A media ethnography on mobile phone appropriation with particular regard to everyday media competencies.
„In East Africa, mobile phones are now so much
more accessible than fixed lines that in everyday
Swahili these new technologies are referred to simply
as simu (phones), and less as simu ya mkononi
(handheld [i.e., mobile] phones). The fixed-line telephone (simu ya kawaida) is now largely disregarded“
(Molony, 2008, S. 341).
Many nations in sub-saharan Africa can be described as having rather rudimentary media househould equipment as well as some digital/media divides when it comes to media access and usage. It seems likely that a combination of sociostructural as well as socioeconomical factors are playing a role in this context. Although some urban regions are increasingly well connected to global media flows – this mostly being companies and (governmental) institutions – there is still a considerable rural-urban-divide as well as significant social inequality when it comes to media usage, access or possession.
While the (community) radio is widespread and established, there has been another star rising on the horizon: the mobile phone. This medium seems to revolutionise the media landscape in a manifold manner. In this context, but also because of the rapid spread of mobile phones in society, questions on the specific meanings, usage and embeddedness of this technological artifact in peoples everyday-life seem relevant.
Since media usage and appropriation is situated right in the midst of people’s everyday-lives and, hence, influenced by different socio-structural aspects, those life contexts and also media-related resources such as everyday media competencies are taken into account.

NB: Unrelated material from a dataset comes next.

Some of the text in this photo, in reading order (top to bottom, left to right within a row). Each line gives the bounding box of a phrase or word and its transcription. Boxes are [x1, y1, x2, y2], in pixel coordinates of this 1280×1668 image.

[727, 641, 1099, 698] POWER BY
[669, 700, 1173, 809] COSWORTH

Desideratum and research-guiding questions
The research was aiming for scrutinizing the coherences mentioned above in urban Kenya. Using an interdisciplinary approach, the academic fields of media pedagogy, media sociology, media anthropology, and the communication sciences should perspectively enrich the research on its intersections and benefit from a mutual interrogation.

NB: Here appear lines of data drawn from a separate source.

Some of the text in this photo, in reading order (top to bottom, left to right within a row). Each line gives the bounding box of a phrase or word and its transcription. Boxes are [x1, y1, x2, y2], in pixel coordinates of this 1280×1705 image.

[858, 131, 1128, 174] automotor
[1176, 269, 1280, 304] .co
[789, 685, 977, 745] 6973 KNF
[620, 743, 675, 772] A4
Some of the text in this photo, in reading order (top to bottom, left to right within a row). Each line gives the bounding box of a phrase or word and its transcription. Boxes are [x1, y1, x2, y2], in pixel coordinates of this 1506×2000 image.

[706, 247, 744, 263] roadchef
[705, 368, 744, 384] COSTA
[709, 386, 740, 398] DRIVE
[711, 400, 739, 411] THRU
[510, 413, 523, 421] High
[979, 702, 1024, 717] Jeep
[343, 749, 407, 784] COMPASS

The research-guiding question – which was further dissected in a subordinated set of questions – were as follows:
“How are mobile phones embedded into everyday-life in an urban Kenyan context and what role do everyday-media competencies play?”
Hence, the research project focussed on the description of peoples life-contexts as well as the empirically grounded analysis of everyday-media usage and -competencies.
The study has been conducted through a media ethnographic field research-approach and concentrated on a particular neighborhood in the Kenyan capital Nairobi.
Since there was rather little and scattered knowledge about the research topic in question, the study and its conceptualisation were based on an inductive paradigm, following a qualitative-ethnographic approach. Hence, the aim was ‘thick description’, having the concept of ‘verstehen’ (understanding) rather than the one of ‘erklären’ (explaining) as a foundation.
In order to approach the research guiding questions, the study drew on a triangulation of observational methods and field notes, group interviews, ethnographic interviews, field questionnaires as well as document collection.
Besides that, the field research has brought forth a new method that is called MediaMap. The MediaMap has been developed from a set of existing research methods and is a visual and sensory media research method. Further information on the MediaMap as well as a couple of photographs of the method are to be found on the MediaMap-Website. The methodology and set-up of the MediaMap is also published as a book chapter:
Waltinger, Michael (2017): Die MediaMap – Eine explorative Forschungsmethode zur Entwicklung einer kontextualisierten Mediennutzungsperspektive. [The Media Map – An explorative method for researching media usage in context.] In: Knaus, Thomas (ed.): Forschungswerkstatt Medienpädagogik. Projekt – Theorie – Methode. München: kopaed, pp. 253-286.